2. Apparatus according to claim 1, wherein said outlet means includes a plurality of openings in the external surface of said flame holder body means, said flame holder body means exhibiting an external configuration cross-section which is symmetrical with respect to centerline means extending transverse to said spanwise direction and in the direction of flow of said gas stream such that said gas stream flows over the surface portions of said holder body means at both sides of said centerline means, and wherein said openings are provided in the surface portions of said flame holder body means at both sides of said centerline means.

3. Apparatus according to claim 1, further comprising a bypass duct in a jet engine for guiding flow of high-velocity cold bypass air, wherein said flame holder body means extends spanwise across portions of said bypass duct with said cold bypass air flowing thereover as said gas stream.

4. Apparatus according to claim 1, further comprising an exhaust duct in a jet engine for guiding flow of high-velocity exhaust gases from a combustion chamber of said engine, wherein said flame holder body means extends spanwise across portions of said exhaust duct with said exhaust gases flowing thereover as said gas stream.

5. Apparatus according to claim 1, wherein said inlet duct means conducts said fuel and air directly into said mixing chamber where it is mixed and conditioned to produce a homogeneous ignitable mixture.

6. Apparatus according to claim 1, wherein said flame holder body means includes a plurality of separate flame holder bodies which extend in a stellate manner across a duct of said engine which guides said jet stream.

7. Apparatus according to claim 1, wherein said flame holder body means includes a plurality of separate flame holder bodies which extend annularly around a central axis of a duct of said engine which guides said jet stream.
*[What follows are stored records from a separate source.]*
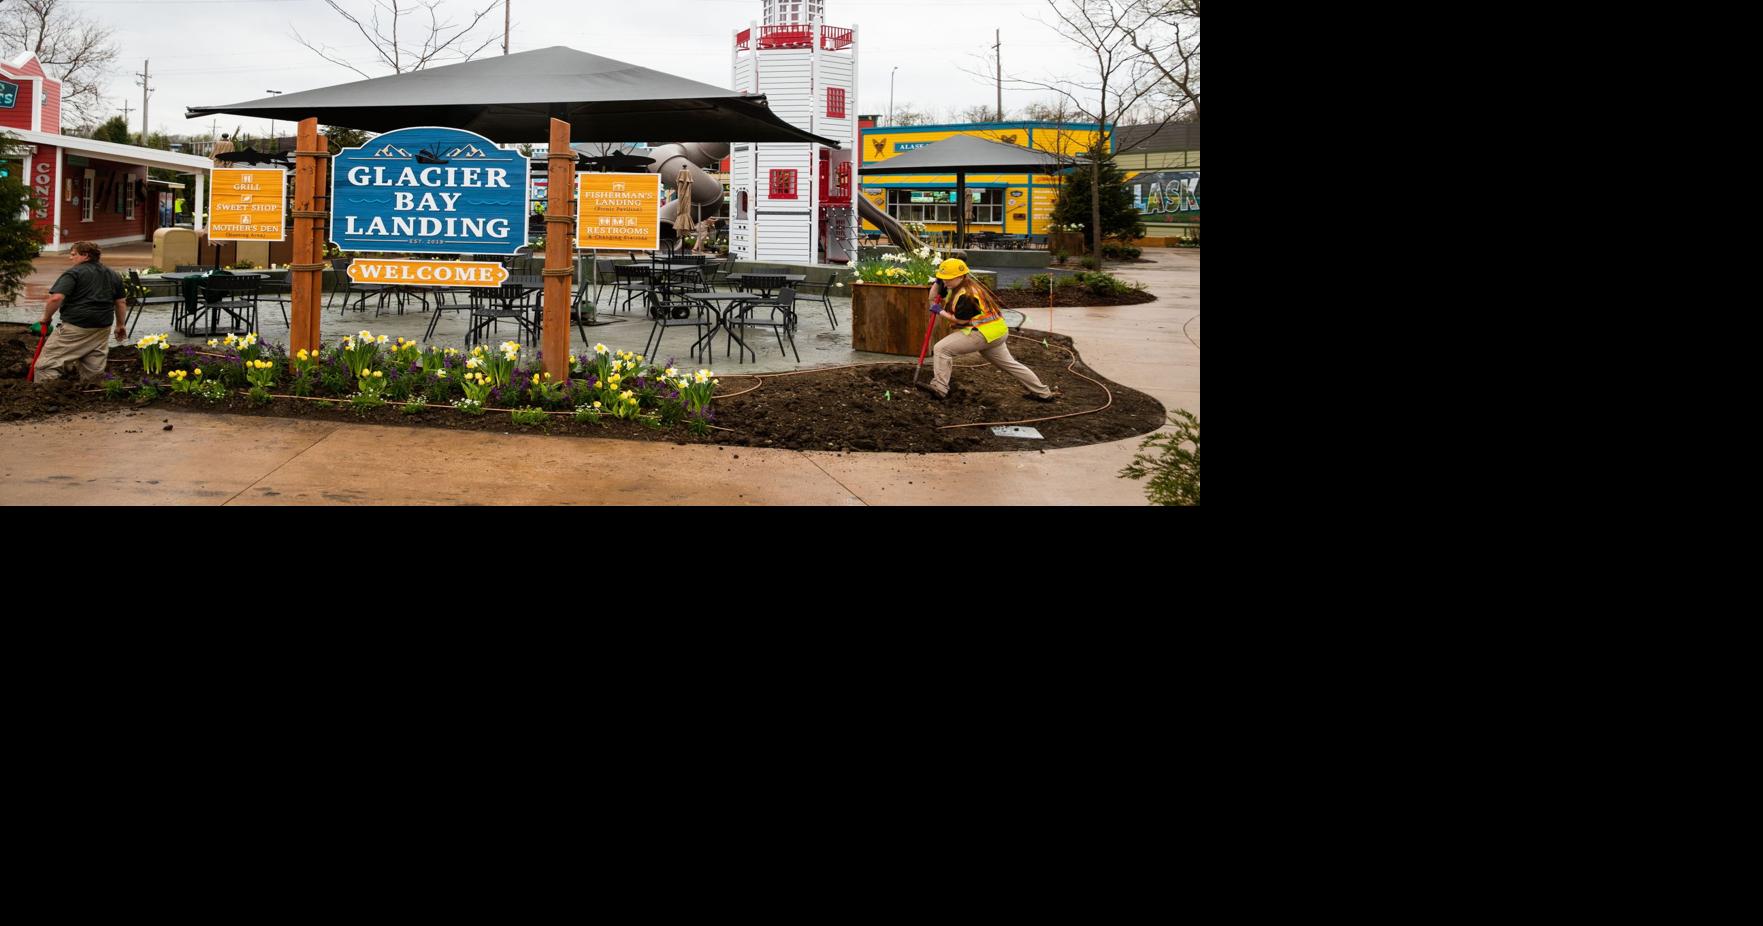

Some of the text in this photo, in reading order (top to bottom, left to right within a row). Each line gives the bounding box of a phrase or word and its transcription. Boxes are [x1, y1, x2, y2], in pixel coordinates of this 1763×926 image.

[347, 166, 511, 188] GLACIER
[233, 183, 261, 191] GRILL
[585, 191, 653, 199] FISHERMAN'S
[394, 192, 462, 212] BAY
[216, 203, 277, 212] SWEET SHOP
[213, 224, 258, 232] MOTHER'S
[345, 215, 511, 239] LANDING
[587, 226, 649, 235] RESTROOMS
[359, 264, 494, 283] WELCOME
8. Apparatus according to claim 6, wherein said flame holder bodies are arranged symmetrically with respect to a central axis of said duct.
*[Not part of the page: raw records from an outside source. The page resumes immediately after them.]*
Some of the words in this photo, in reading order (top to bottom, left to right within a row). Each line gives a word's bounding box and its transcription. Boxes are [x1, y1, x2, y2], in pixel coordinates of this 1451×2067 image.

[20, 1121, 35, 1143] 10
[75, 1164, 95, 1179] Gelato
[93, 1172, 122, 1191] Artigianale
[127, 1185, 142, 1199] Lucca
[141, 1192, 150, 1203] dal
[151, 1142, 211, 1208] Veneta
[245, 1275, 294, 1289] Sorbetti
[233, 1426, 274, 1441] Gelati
9. Apparatus according to claim 8, wherein said flame holder bodies extend spanwise in radial directions extending perpendicular to said central axis.
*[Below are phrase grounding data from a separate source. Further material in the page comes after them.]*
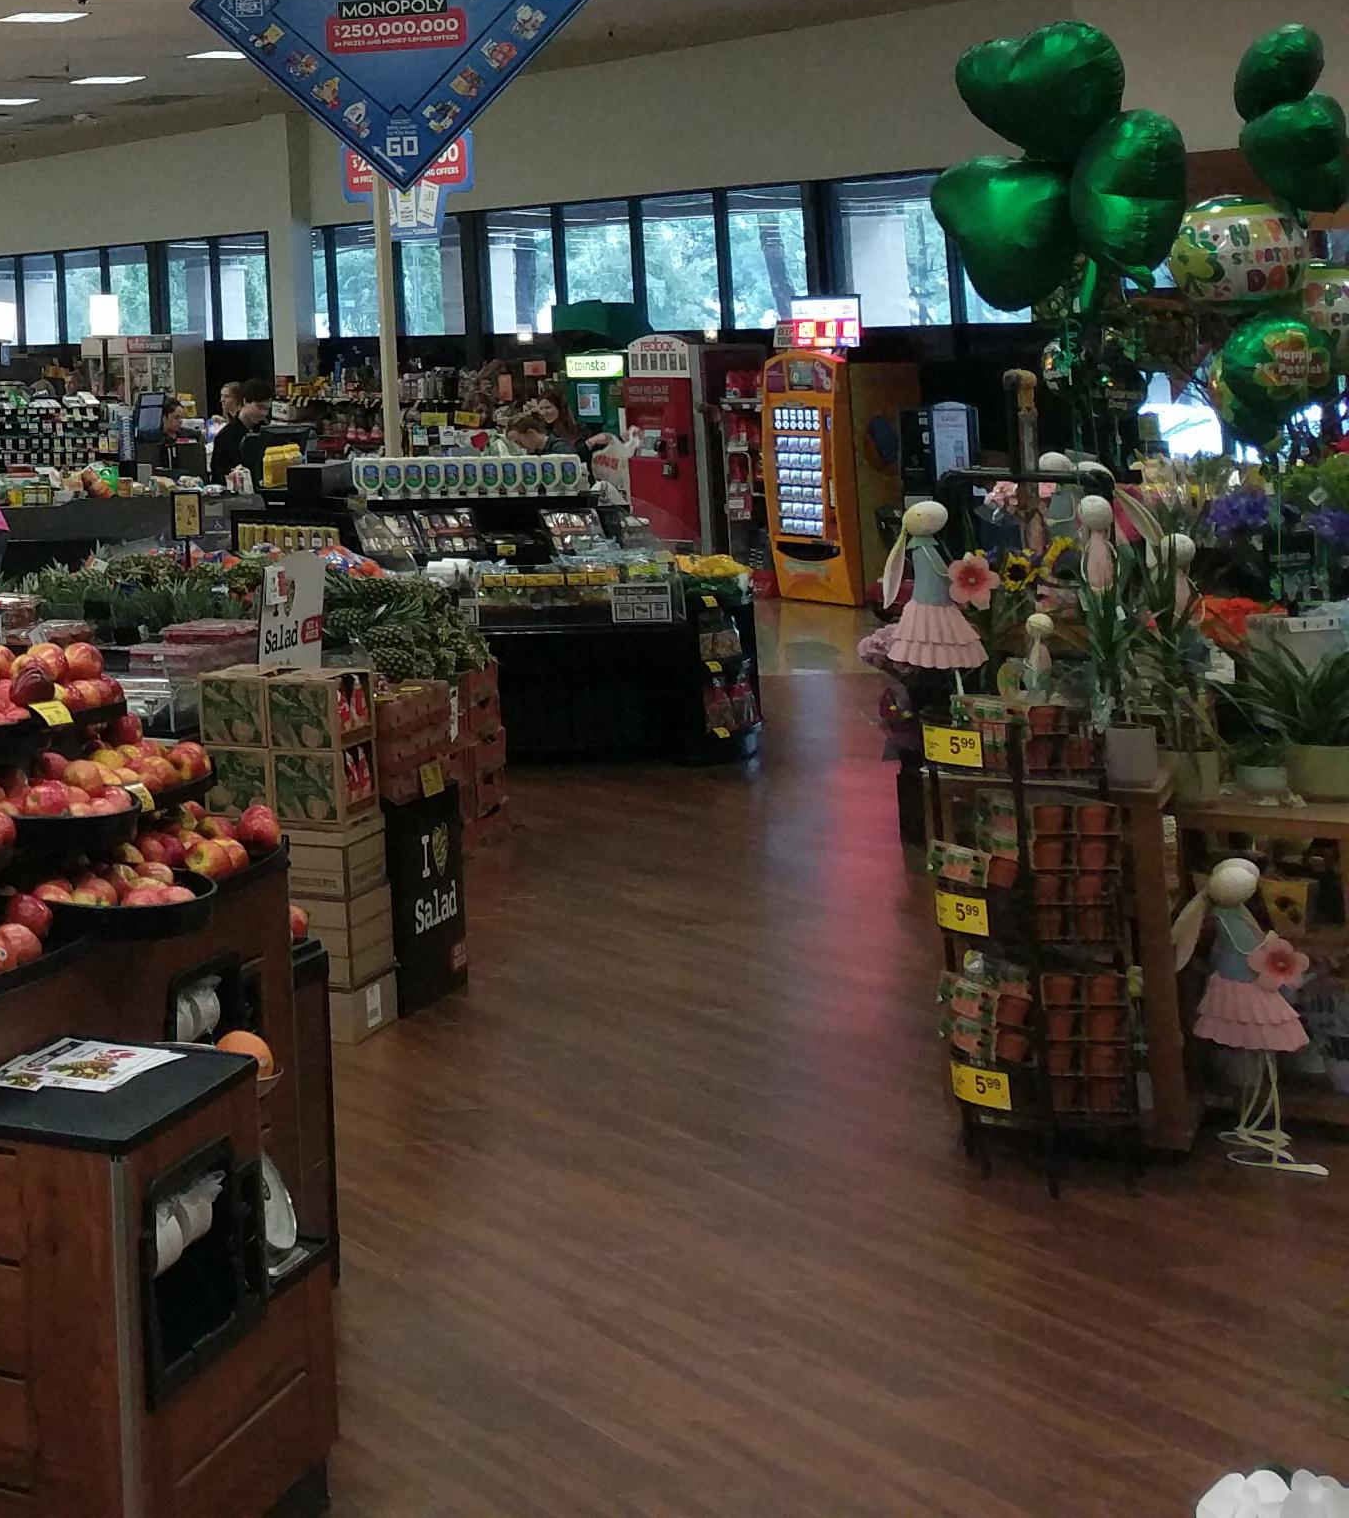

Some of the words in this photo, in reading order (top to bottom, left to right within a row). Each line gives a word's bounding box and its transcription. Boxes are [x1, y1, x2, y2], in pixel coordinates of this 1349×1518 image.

[385, 135, 419, 157] GO
[264, 620, 299, 655] Salad
[420, 834, 431, 879] I
[414, 879, 458, 935] Salad
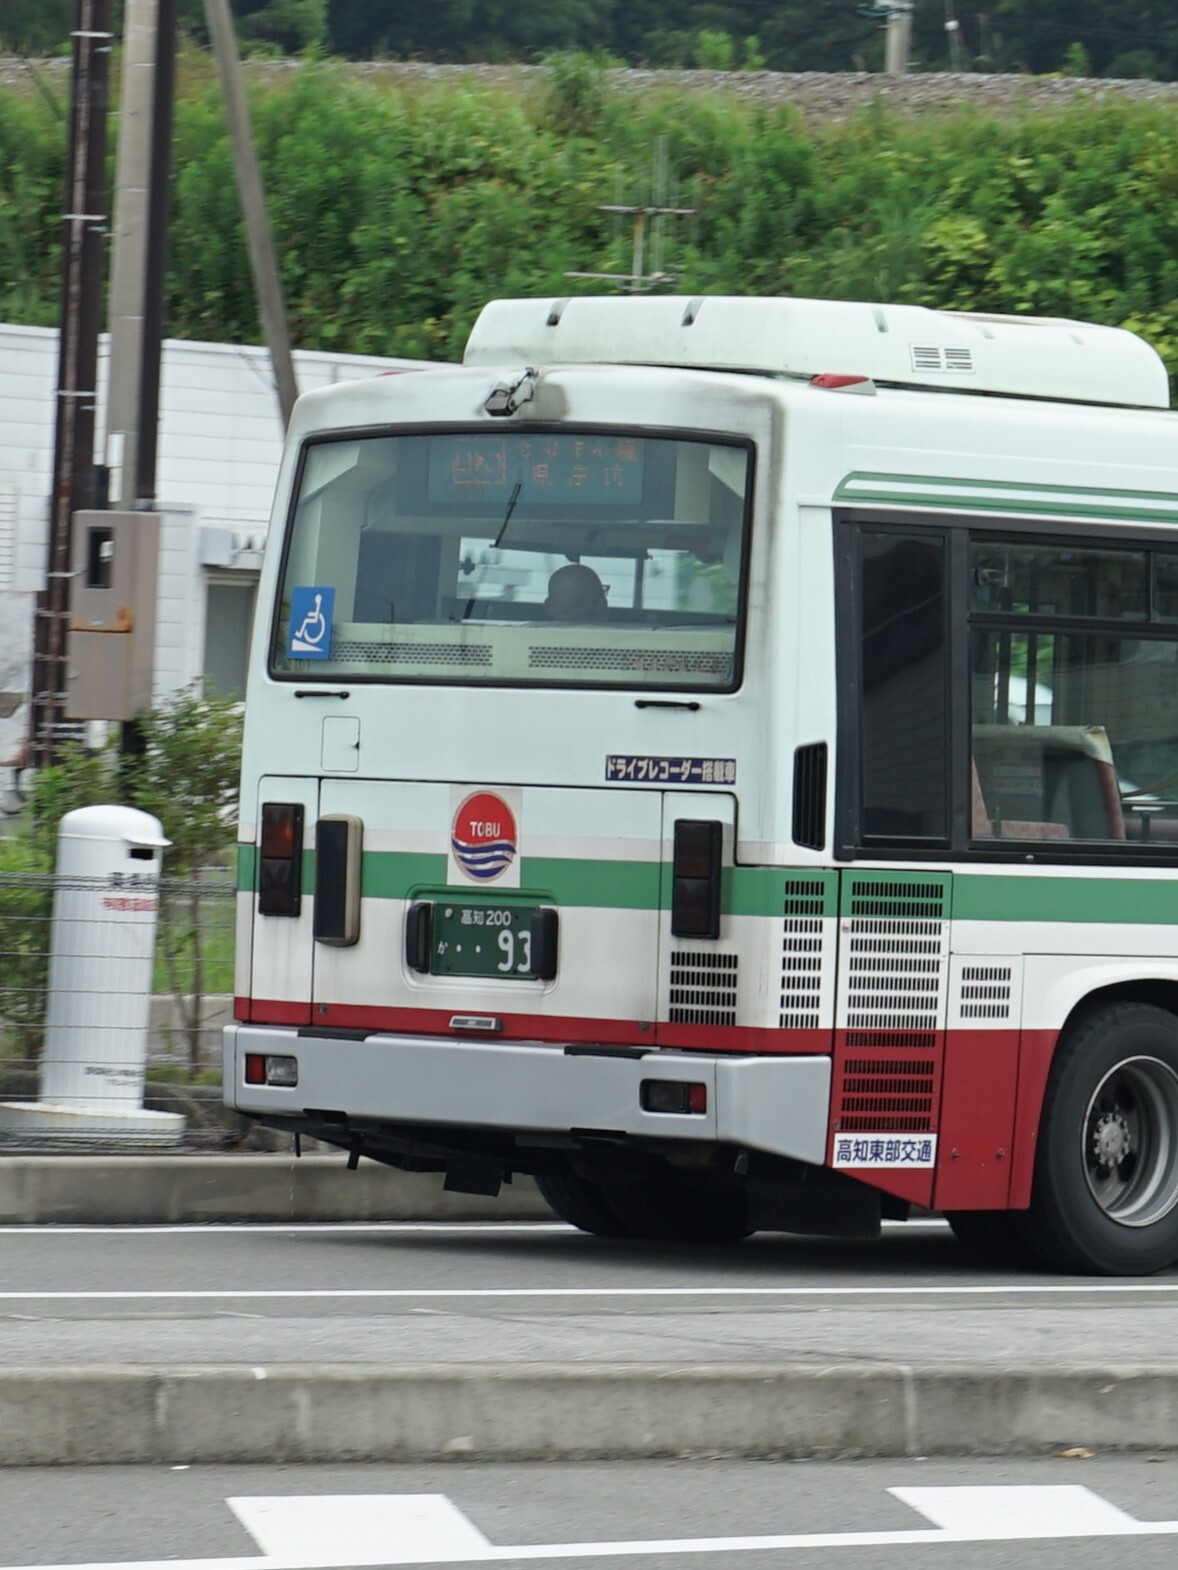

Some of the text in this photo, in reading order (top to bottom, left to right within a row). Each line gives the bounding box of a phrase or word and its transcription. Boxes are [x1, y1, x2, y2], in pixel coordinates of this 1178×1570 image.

[469, 821, 501, 838] TOBU
[461, 909, 511, 926] 高知 200
[836, 1139, 932, 1163] 高知東部交通
10. Apparatus according to claim 8, wherein said flame holder bodies extend spanwise in radial directions and inclined with respect to said central axis.

11. Apparatus according to claim 7, wherein said flame holder bodies are arranged symmetrically with respect to a central axis of said duct.

12. Apparatus according to claim 6, wherein said flame holder body means extend from inner to outer walls of duct means which guide said gas stream.

13. Apparatus according to claim 2, wherein said openings are positioned along lines extending approximately through the midpoint of said side portions as seen in the direction of flow of said gas stream.

14. Apparatus according to claim 2, wherein said fuel-air mixture is introduced to said gas stream under sufficient pressure to effect a separation of the flow of said gas stream over said flame holder body means and a formation of a recirculation zone of stable combustion, and wherein ignition means are provided at said recirculation zone to ignite said fuel-air and gas stream mixture.

15. Apparatus according to claim 1, wherein said air supply means includes line means for conducting air from one of a low and intermediate pressure portions of a compressor of said engine as the only source of air for said mixing chamber.

16. Apparatus according to claim 1, wherein said air supply means feeds air into said inlet duct in surrounding relationship to said fuel supply means.

17. Apparatus according to claim 16, wherein said mixing chamber means has a cylindrical configuration.

18. Apparatus according to claim 17, wherein said inlet duct means are provided at two spanwise ends of said flame holder body means, and wherein said air and fuel are admixed in said inlet duct means immediately upstream of the mixing chamber means.